Clinical Roles of Increased Populations of Foxp3+CD4+ T Cells in Peripheral Blood from Advanced Pancreatic Cancer Patients

Abstract

Further metastasis should be avoided in pancreatic cancer (PC) patients for effective surgical treatment. Regulatory T cells (Foxp3+CD4+ T cells including CD4+CD25+ T cells and CD4+CD25− T cells) play important roles in tumor immunity. This study aimed to investigate whether regulatory T cells participate in metastasis. Peripheral blood was withdrawn from PC patients, as well as healthy volunteer donors as controls.
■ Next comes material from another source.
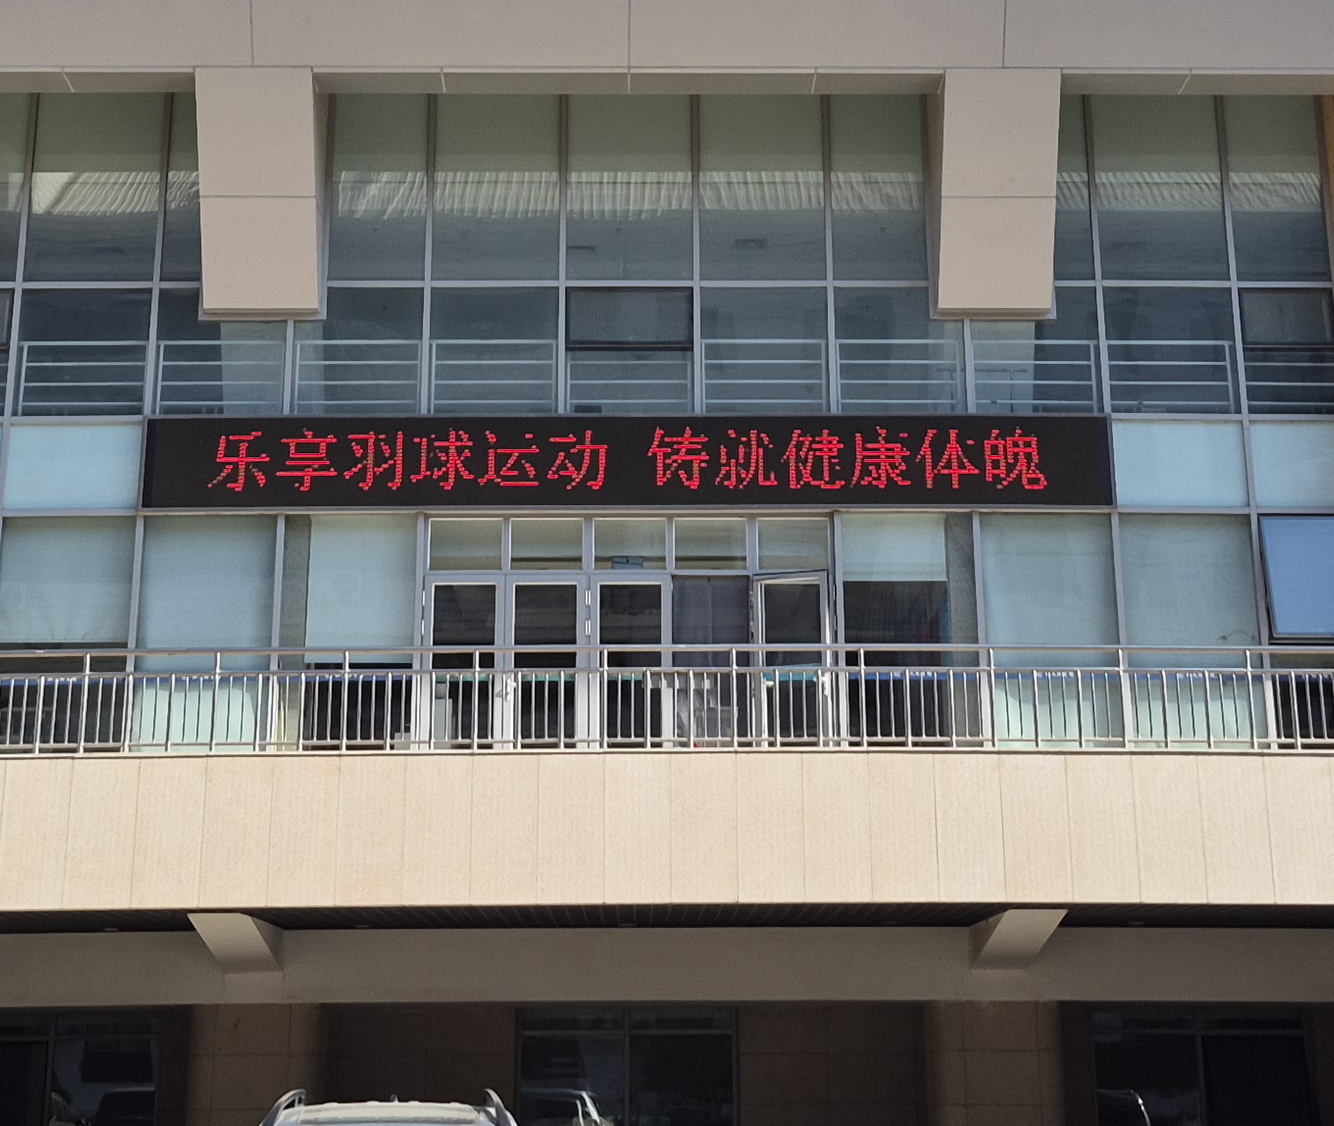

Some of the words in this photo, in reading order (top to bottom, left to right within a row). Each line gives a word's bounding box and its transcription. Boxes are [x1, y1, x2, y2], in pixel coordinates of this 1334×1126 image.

The peripheral blood mononuclear cells (PBMCs) were subjected to FACScan analysis after labeling with anti-CD4, anti-CD25, and anti-Foxp3 antibodies. Tumor markers, including DUPAN2 and CA19-9, surface markers, such as the CD4/CD8 ratio, and the CD57+ cell population were assessed. Clinical stages were classified according to the TNM classification. The Foxp3+CD4+ T-cell population among the PBMCs was significantly increased in PC patients (8.10% ± 4.65%) compared with healthy donors (2.47 ± 0.78%) (P < 0.001). No significant relationships existed for the tumor markers, CD4/CD8 ratio, and CD57+ cells. However, a significant correlation was found between Foxp3+CD4+ T cells among the PBMCs and the TNM stage (P < 0.05). Foxp3+CD4+ T cells are good markers for metastasis detection in PC patients and more accurate than other conventional tumor markers, especially at advanced stages of the disease.